Héros byronien

Le héros byronien (Byronic Hero en anglais) est l’archétype du héros romantique créé par Lord Byron, dont Childe Harold est le premier exemple, et que l’on retrouve dans d’autres poèmes tel Le Corsaire, Lara ou Manfred.

Le héros byronien est un personnage désabusé, à la fois malheureux et sulfureux, en rébellion et rejeté par la société de son temps. Il apparaît pour la première fois en 1813 dans Childe Harold, devenant le prototype du héros romantique.

Le personnage de Conrad dans The Corsair offre l’occasion à Lord Byron d’approfondir ses caractéristiques : ténébreux et amer, ricanant et dédaigneux, cachant sous une apparence de froideur les passions qui le rongent : « Alors se découvrent, dans chaque expression des traits, les mouvements du cœur, qui se manifestent dans toute leur force sans s’éteindre ; cette lutte convulsive — qui s’élève ; — ce froid de glace ou cette flamme qui brûle en passant, sueur froide sur les traits, ou abattement soudain sur le front. » Et, plus loin : « Regarde — comment ce cœur solitaire et flétri consume la pensée déchirante d’années maudites ! » Comme Childe Harold c’est un personnage de proscrit, méprisé par les hommes&nbsp running pocket belt;: « Il savait qu’il était détesté ; mais il savait aussi que ceux qui le haïssaient rampaient devant lui et le redoutaient. Solitaire, farouche, étrange, il vivait exempt pareillement de toute affection et de tout mépris. » Et pourtant, son cœur n’est pas totalement glacé, il éprouve un amour partagé pour une femme, Medora, à laquelle il reste fidèle, et « le crime lui-même n’avait pu éteindre la plus aimable des vertus. » Mais sa misanthropie n’entre pas contradiction avec son amour pour Medora, bien au contraire : « […]mon tendre amour pour toi et ma haine pour les hommes, sont tellement confondus, que, s’ils étaient séparés, je cesserais de t’aimer lorsque j’aimerais le genre humain. »

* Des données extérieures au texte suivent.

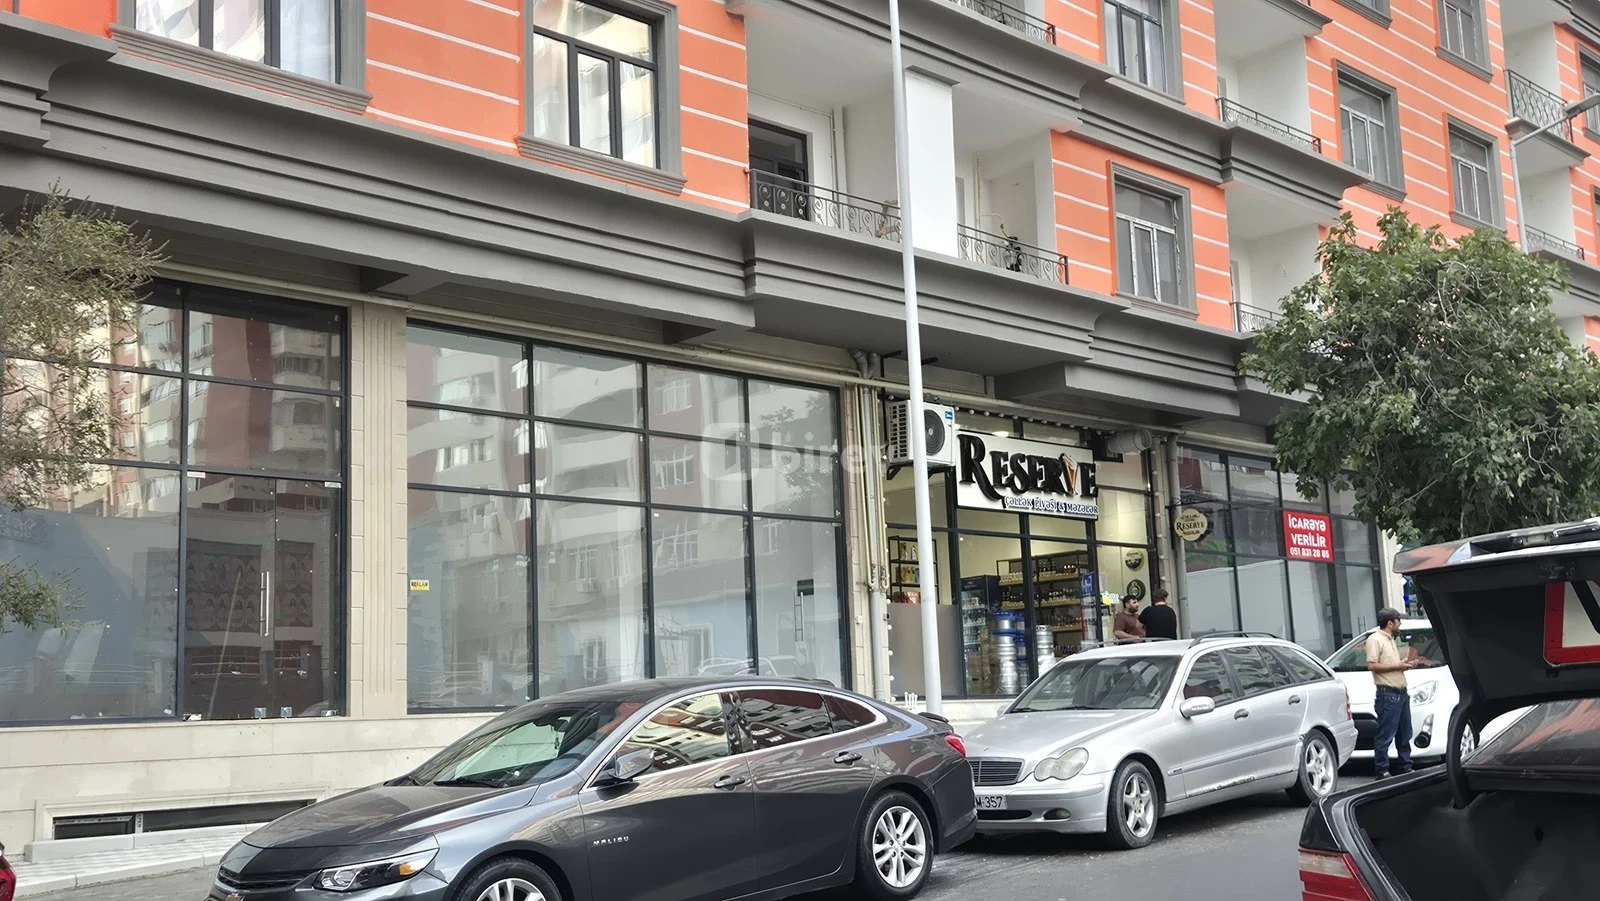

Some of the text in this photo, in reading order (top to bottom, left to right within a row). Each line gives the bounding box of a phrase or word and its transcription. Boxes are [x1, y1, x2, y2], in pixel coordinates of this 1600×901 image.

Ce personnage sera rapidement confondu avec Lord Byron lui-même qui devra dissiper le malentendu auprès de sa future fiancée : « sauf dans d’occasionnels accès de mélancolie — je me considère comme un personnage très facétieux (…) Personne ne rit plus que moi. » À tel point que Walter Scott dira, en 1816, au moment de la disgrâce sociale ayant suivi sa séparation tumultueuse de son épouse, que Byron s’est transformé en son personnage (« Childe Harolded himself ») usf football jersey, comme si son imagination avait pris le pas sur sa vie stainless steel bottle water.

À partir de 1819, Lord Byron abandonne ce personnage pour créer un héros plus léger dans son épopée sarcastique Don Juan.

Dans sa nouvelle, Le Vampire, publiée en 1819 dans le New Monthly Magazine, qui reprend un brouillon de Byron écrit à la Villa Diodati à l’été 1817, John William Polidori s’inspire pour son personnage de Lord Ruthven et du héros Byronien, dans une version maléfique, et de Lord Byron tel qu’il le percevait. C’est un homme à la beauté froide : « Malgré la pâleur mortelle de son visage que ne coloraient jamais ni l’aimable incarnat de la pudeur, ni la rougeur d’une vive émotion, la beauté de ses traits fit naître à plusieurs femmes coquettes le dessein de la captiver ou d’obtenir de lui au moins quelques marques de ce qu’on appelle affection. » Il a par ailleurs le vice contagieux, son « caractère profondément dépravé » et « ses talents pour la séduction » le rendant « dangereux pour la société ».

Ce personnage de Lord Ruthven créé par Polidori fut repris tout au long du XIXe siècle, que ce soit au théâtre ou à l’opéra, offrant au héros byronien une riche postérité.

Killer (album d’Alice Cooper)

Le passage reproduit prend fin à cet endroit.